We all love the parables of Luke 15; we love the prodigal father, the prodigal son. But the story ends on a cliffhanger; we don’t know what the older brother decides to do. We don’t know if he enters the party. And we don’t know what the younger brother, alive again after squandering all his family’s legacy and his inheritance on prostitutes and pigs, decides to do afterwards. But what if we Gentiles, what with all our cultural debauchery and bacon, are the younger brother? And what would happen if we could recognize the weight of stewarding the Everlasting Covenant resting upon the shoulders of our older brother? What if— inspired by what we’ve discovered about our Father— we left our party, went to him in the barn, and began to build a bridge of reconciliation? What if we became a tangible, incarnate witness of the incarnate Word that “filled up what is lacking” to demonstrate the “manifold wisdom of God” that “consigne[d] all to disobedience, that He might have mercy on all”?[15]
THE BLOODY BRIDGE
Now, metaphors break down. In this case, in the most literal sense, Israel’s brothers could include Abraham’s son and grandson who did not inherit the stewardship of the Everlasting Covenant. Isaac received it; Ishmael did not— and he went on to become “many nations,” per the word of the LORD,[16] and eventually populate the Arabian Peninsula. Further, his family tree directly produced the man who would write the Quran, inspire the Hadith, and begin the genocidal scourge across the 10/40 Window to bring the world under the “submission”— in a word, Islam.
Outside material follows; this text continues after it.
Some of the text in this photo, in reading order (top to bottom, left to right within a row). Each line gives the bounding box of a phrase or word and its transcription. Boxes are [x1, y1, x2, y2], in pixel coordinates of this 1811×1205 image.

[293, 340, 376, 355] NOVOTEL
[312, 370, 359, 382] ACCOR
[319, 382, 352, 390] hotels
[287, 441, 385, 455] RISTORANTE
Jacob received the Covenant; Esau did not. Esau’s family then grew to become Moab, now the Kingdom of Jordan, and to the degree that the Arab world governed the Middle East following Muhammad’s uprising through to the collapse of the Ottoman Empire after World War I, these torn tents of Abraham[17] have fought across this soil for multiple millennia. Why would the One who allowed the snake to enter Eden also guarantee these estranged brothers and uncles and cousins would all grow into “nations”—incidentally, the same ones Ezekiel called the “nations roundabout” the covenantal nation and city of the Great King?[18] Perhaps these are part and parcel to His “eternal purposes.”[19]
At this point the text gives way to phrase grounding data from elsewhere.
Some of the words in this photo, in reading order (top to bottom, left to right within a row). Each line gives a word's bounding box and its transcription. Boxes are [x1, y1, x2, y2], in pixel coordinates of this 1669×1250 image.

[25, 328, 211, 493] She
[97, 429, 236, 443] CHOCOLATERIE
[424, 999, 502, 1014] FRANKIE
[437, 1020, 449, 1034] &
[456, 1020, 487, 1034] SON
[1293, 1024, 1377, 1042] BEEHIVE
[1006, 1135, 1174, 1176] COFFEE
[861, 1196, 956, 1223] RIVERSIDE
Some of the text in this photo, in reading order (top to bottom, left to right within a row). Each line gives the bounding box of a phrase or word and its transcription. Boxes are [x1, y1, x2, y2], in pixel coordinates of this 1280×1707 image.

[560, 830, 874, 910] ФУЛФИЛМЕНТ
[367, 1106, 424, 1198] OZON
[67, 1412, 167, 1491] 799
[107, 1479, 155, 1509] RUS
There is only one way to the Father, and it is through the Son of Man scourged at the Place of the Skull. He is the better brother whose blood speaks the better word that saves.[20] But we, the “people of the Cross,”[21] are the ones tasked with the privilege of bearing faithful witness to this Cross through our own. This is part of why it is so important that we carry our own every day, not looking back.[22] And it is this moment in human history, in the world of October 8th, that we must ourselves be the better brother willing to bleed to bear witness to Jacob, and to Esau, and to Ishmael. The Cross is the bridge of reconciliation; the Cross is the narrow way that leads us to the world without war.[23]
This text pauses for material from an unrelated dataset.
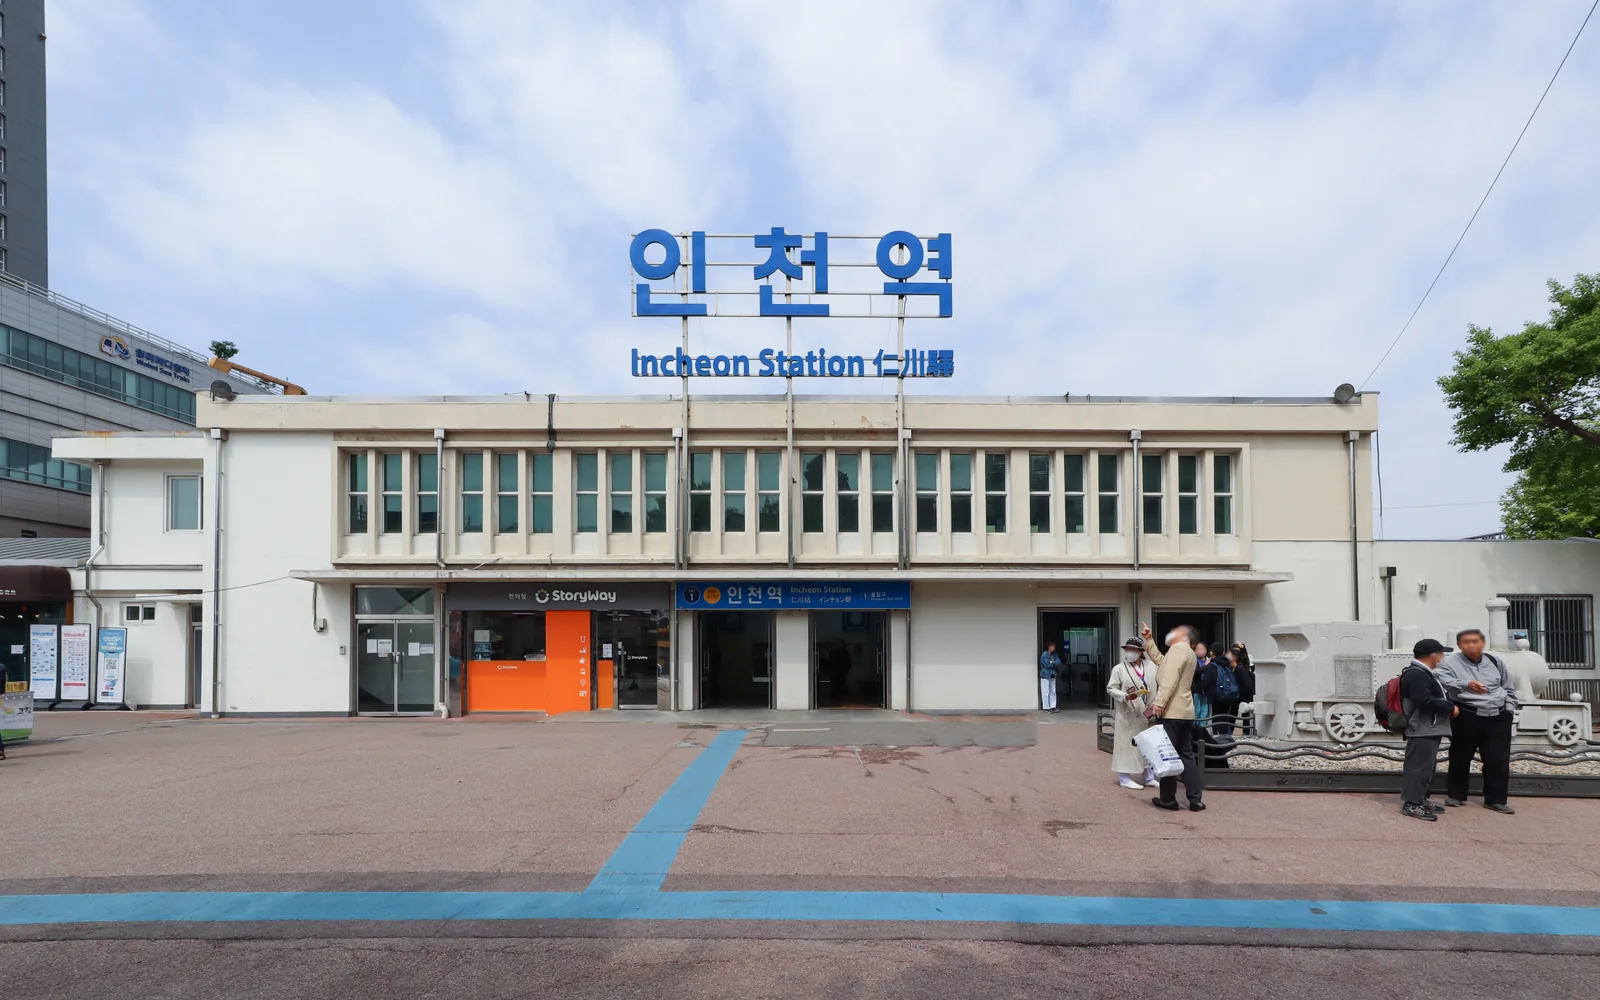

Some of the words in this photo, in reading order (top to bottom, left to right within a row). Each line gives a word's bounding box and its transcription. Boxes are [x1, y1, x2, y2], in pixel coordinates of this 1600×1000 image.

May we set our sights on it and not look back.[24]
Stephanie Quick is a writer/producer serving with FAI. She cohosts The Better Beautiful podcast with Jeff Henderson. Browse her free music, films, and books in the FAI App and at stephaniequick.org.
[1] Video of this event is available here: https://x.com/AustralianJA/status/1711501583295680694?t=VIGXwTZ_QTRK0Tj8GN9OMg&s=08
[2] Jessica McSweeney, M. M. (2024, February 2). Police Review finds no evidence “gas the jews” phrase chanted at Sydney Opera House protest. The Sydney Morning Herald. https://www.smh.com.au/national/nsw/police-review-finds-no-evidence-antisemitic-phrase-chanted-atsydney-opera-house-protest-20240202-p5f1v7.html
[3] Sydney government apologizes for pro-Palestine protest that had ‘gas the jews’ chants | The Times of Israel. (n.d.). https://www.timesofisrael.com/sydney-government-apologizes-for-pro-palestineprotest-that-had-gas-the-jews-chants/
[4] Ibid.
[5] Jessica McSweeney, M. M. (2024, February 2). Police Review finds no evidence “gas the jews” phrase chanted at Sydney Opera House protest. The Sydney Morning Herald. https:// www.smh.com.au/national/nsw/police-review-finds-no-evidence-antisemitic-phrase-chanted-atsydney-opera-house-protest-20240202-p5f1v7.html
[6] See Genesis 12:1-3; 15:1-20
[7] Genesis 12:3
[8] See Genesis 12:1-3; 15:1-21; 17:1-16; 18-22; 25:19-34; 27:1-40; Romans 3:1-4; chs. 9-11.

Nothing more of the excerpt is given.